- Assignment -
Without including any pictures, copy each entry below exactly.

Saved data entries
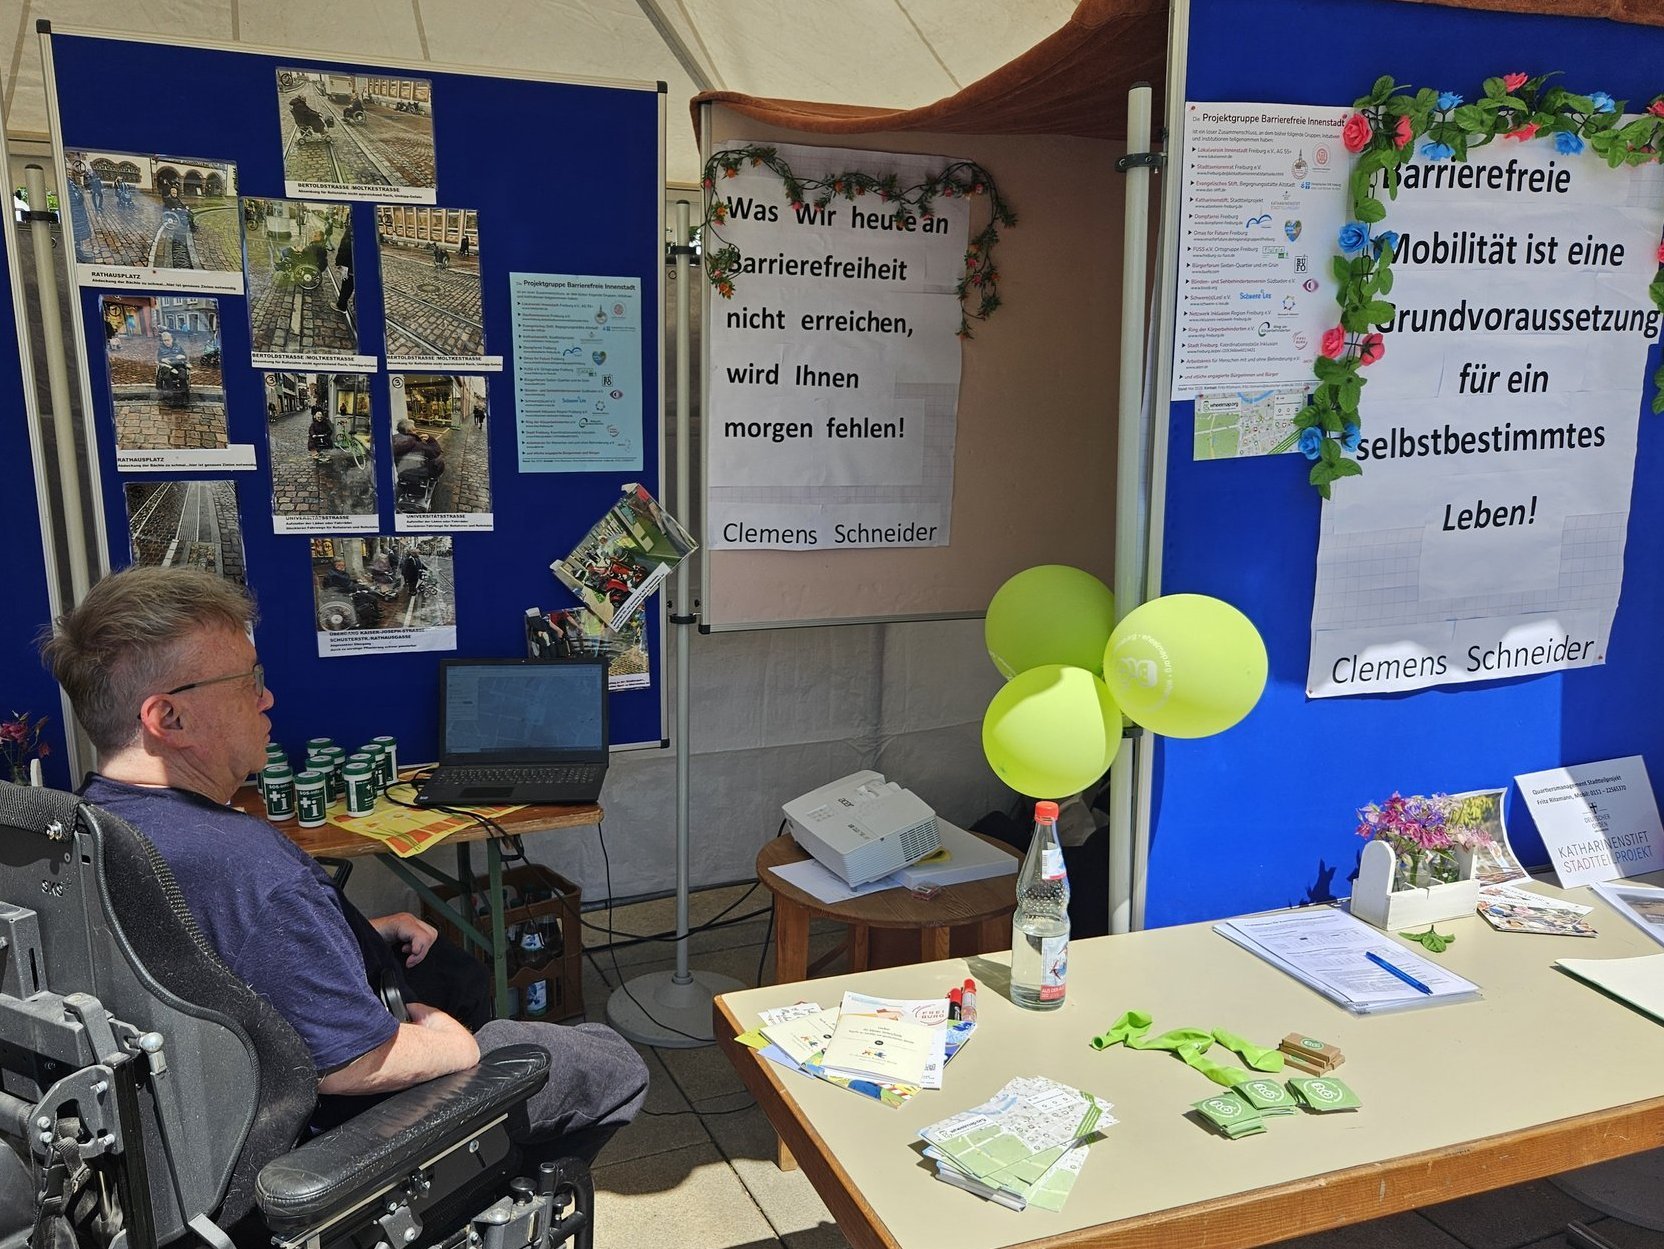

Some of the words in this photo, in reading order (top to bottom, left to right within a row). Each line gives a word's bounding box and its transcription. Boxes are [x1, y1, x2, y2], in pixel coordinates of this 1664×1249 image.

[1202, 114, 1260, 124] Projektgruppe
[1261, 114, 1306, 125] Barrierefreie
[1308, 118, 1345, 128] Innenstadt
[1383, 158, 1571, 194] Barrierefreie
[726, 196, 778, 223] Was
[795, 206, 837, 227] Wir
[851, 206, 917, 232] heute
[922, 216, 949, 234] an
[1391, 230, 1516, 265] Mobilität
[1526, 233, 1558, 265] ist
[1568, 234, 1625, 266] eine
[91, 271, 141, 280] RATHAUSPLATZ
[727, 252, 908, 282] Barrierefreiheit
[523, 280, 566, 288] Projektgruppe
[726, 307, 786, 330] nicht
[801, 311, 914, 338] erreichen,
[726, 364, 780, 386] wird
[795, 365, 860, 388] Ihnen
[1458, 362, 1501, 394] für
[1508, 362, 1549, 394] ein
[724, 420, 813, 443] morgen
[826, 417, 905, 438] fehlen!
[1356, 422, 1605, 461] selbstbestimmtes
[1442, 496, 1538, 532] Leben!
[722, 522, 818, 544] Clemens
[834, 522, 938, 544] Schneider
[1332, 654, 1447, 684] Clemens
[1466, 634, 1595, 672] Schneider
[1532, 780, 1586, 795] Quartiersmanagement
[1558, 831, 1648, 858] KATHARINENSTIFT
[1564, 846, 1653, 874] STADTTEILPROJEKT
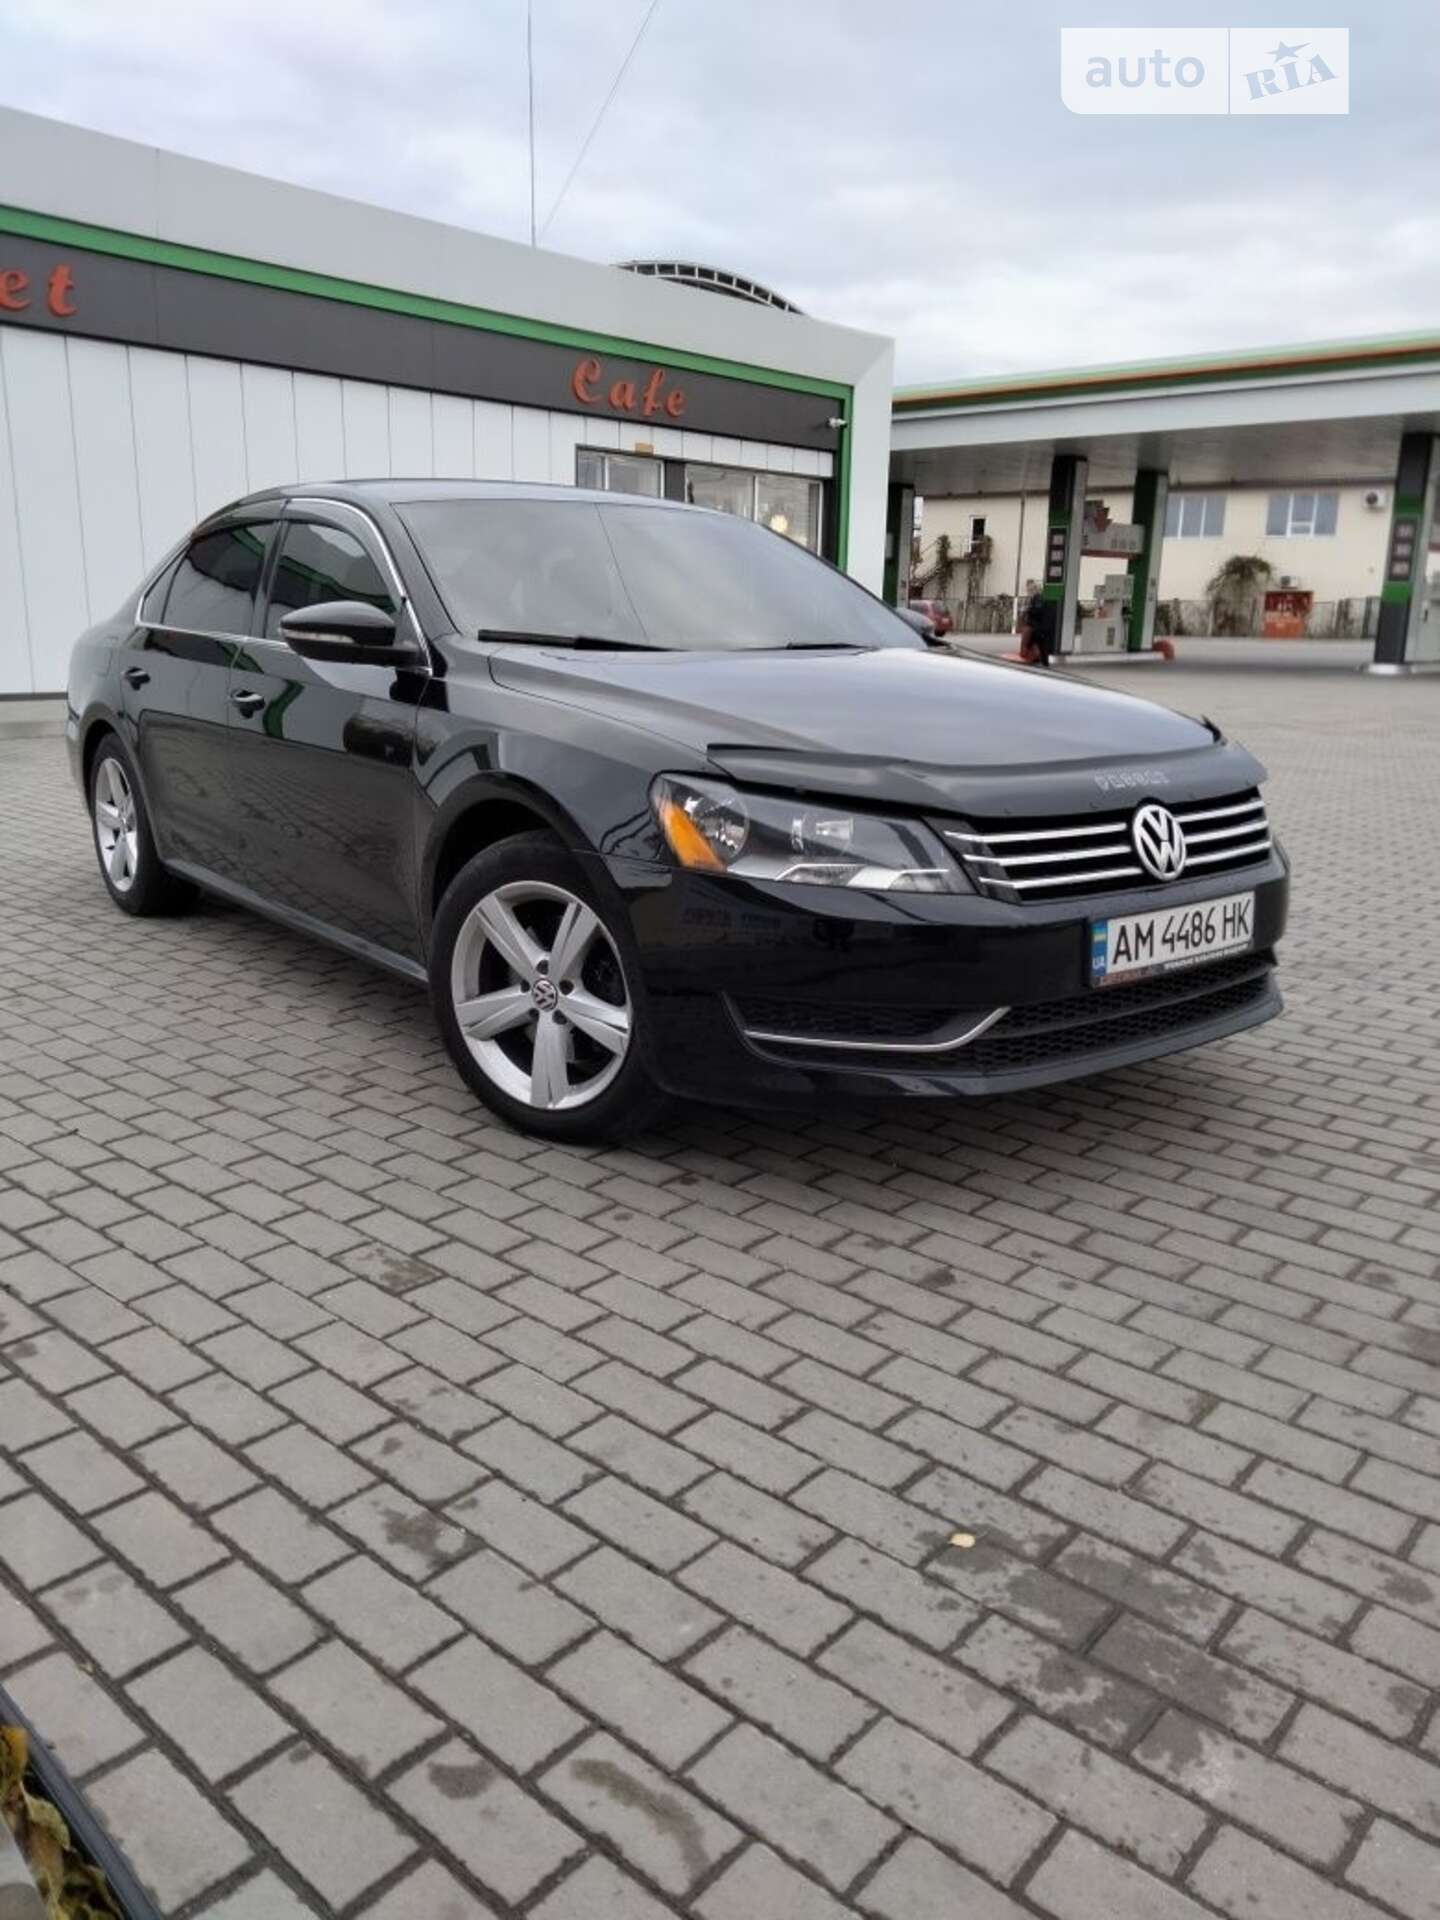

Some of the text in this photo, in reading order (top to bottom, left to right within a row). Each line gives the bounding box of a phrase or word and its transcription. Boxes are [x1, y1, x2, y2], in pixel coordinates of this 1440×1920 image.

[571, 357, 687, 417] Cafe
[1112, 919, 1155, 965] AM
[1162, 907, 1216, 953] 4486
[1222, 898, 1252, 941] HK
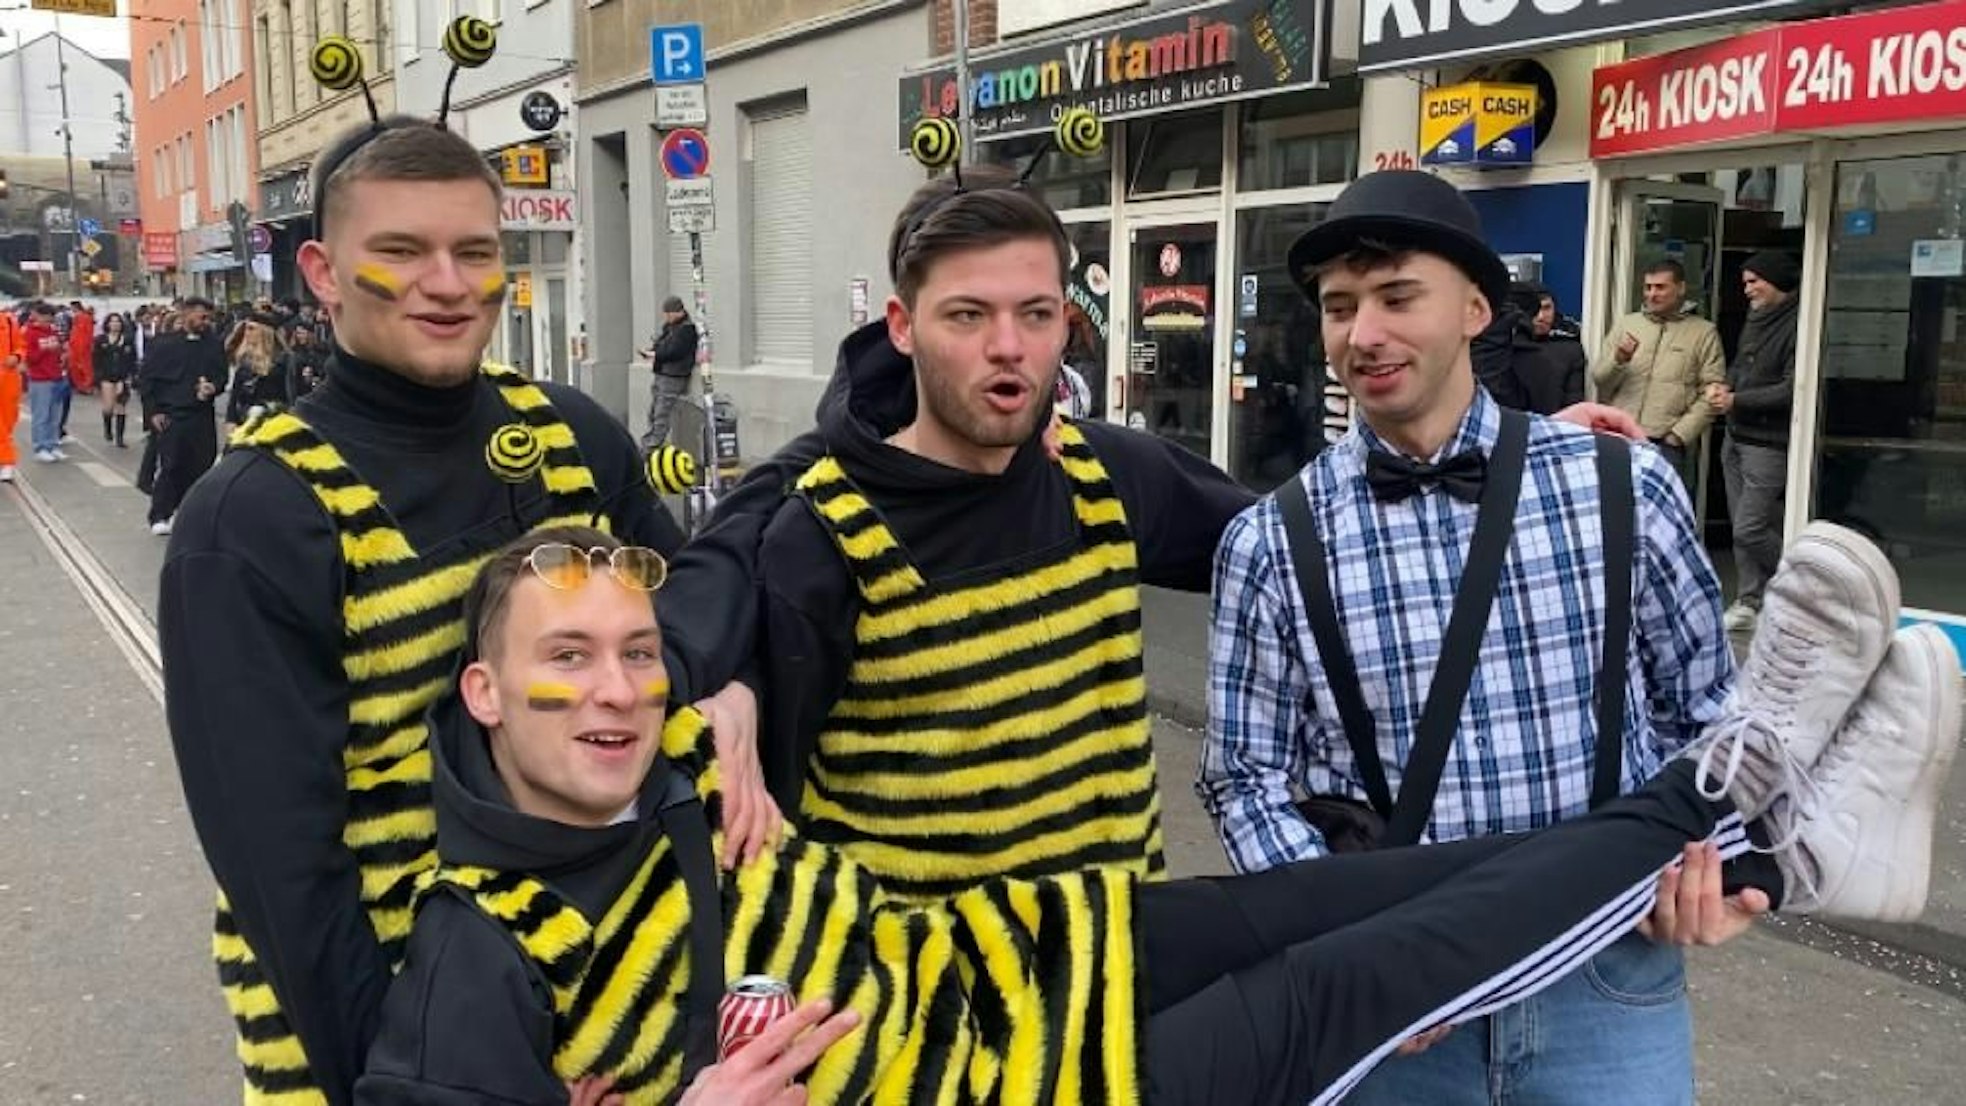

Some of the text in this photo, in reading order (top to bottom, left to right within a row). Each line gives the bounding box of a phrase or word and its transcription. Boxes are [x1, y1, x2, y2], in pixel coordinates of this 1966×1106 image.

- Written answer -
Some of the words in this photo, in reading order (top to bottom, left to right within a row). Each line gives a word's bounding box and its transcription. Boxes are [x1, y1, x2, y2], in pixel coordinates of this 1664×1249 image.

[1202, 114, 1260, 124] Projektgruppe
[1261, 114, 1306, 125] Barrierefreie
[1308, 118, 1345, 128] Innenstadt
[1383, 158, 1571, 194] Barrierefreie
[726, 196, 778, 223] Was
[795, 206, 837, 227] Wir
[851, 206, 917, 232] heute
[922, 216, 949, 234] an
[1391, 230, 1516, 265] Mobilität
[1526, 233, 1558, 265] ist
[1568, 234, 1625, 266] eine
[91, 271, 141, 280] RATHAUSPLATZ
[727, 252, 908, 282] Barrierefreiheit
[523, 280, 566, 288] Projektgruppe
[726, 307, 786, 330] nicht
[801, 311, 914, 338] erreichen,
[726, 364, 780, 386] wird
[795, 365, 860, 388] Ihnen
[1458, 362, 1501, 394] für
[1508, 362, 1549, 394] ein
[724, 420, 813, 443] morgen
[826, 417, 905, 438] fehlen!
[1356, 422, 1605, 461] selbstbestimmtes
[1442, 496, 1538, 532] Leben!
[722, 522, 818, 544] Clemens
[834, 522, 938, 544] Schneider
[1332, 654, 1447, 684] Clemens
[1466, 634, 1595, 672] Schneider
[1532, 780, 1586, 795] Quartiersmanagement
[1558, 831, 1648, 858] KATHARINENSTIFT
[1564, 846, 1653, 874] STADTTEILPROJEKT

Some of the text in this photo, in reading order (top to bottom, left to right within a row). Each line gives the bounding box of a phrase or word and its transcription. Boxes are [x1, y1, x2, y2], in pixel coordinates of this 1440×1920 image.

[571, 357, 687, 417] Cafe
[1112, 919, 1155, 965] AM
[1162, 907, 1216, 953] 4486
[1222, 898, 1252, 941] HK

Some of the text in this photo, in reading order (top to bottom, left to right within a row). Each line gives the bounding box of a phrase or word and its transcription. Boxes are [x1, y1, x2, y2], in pixel coordinates of this 1966×1106 image.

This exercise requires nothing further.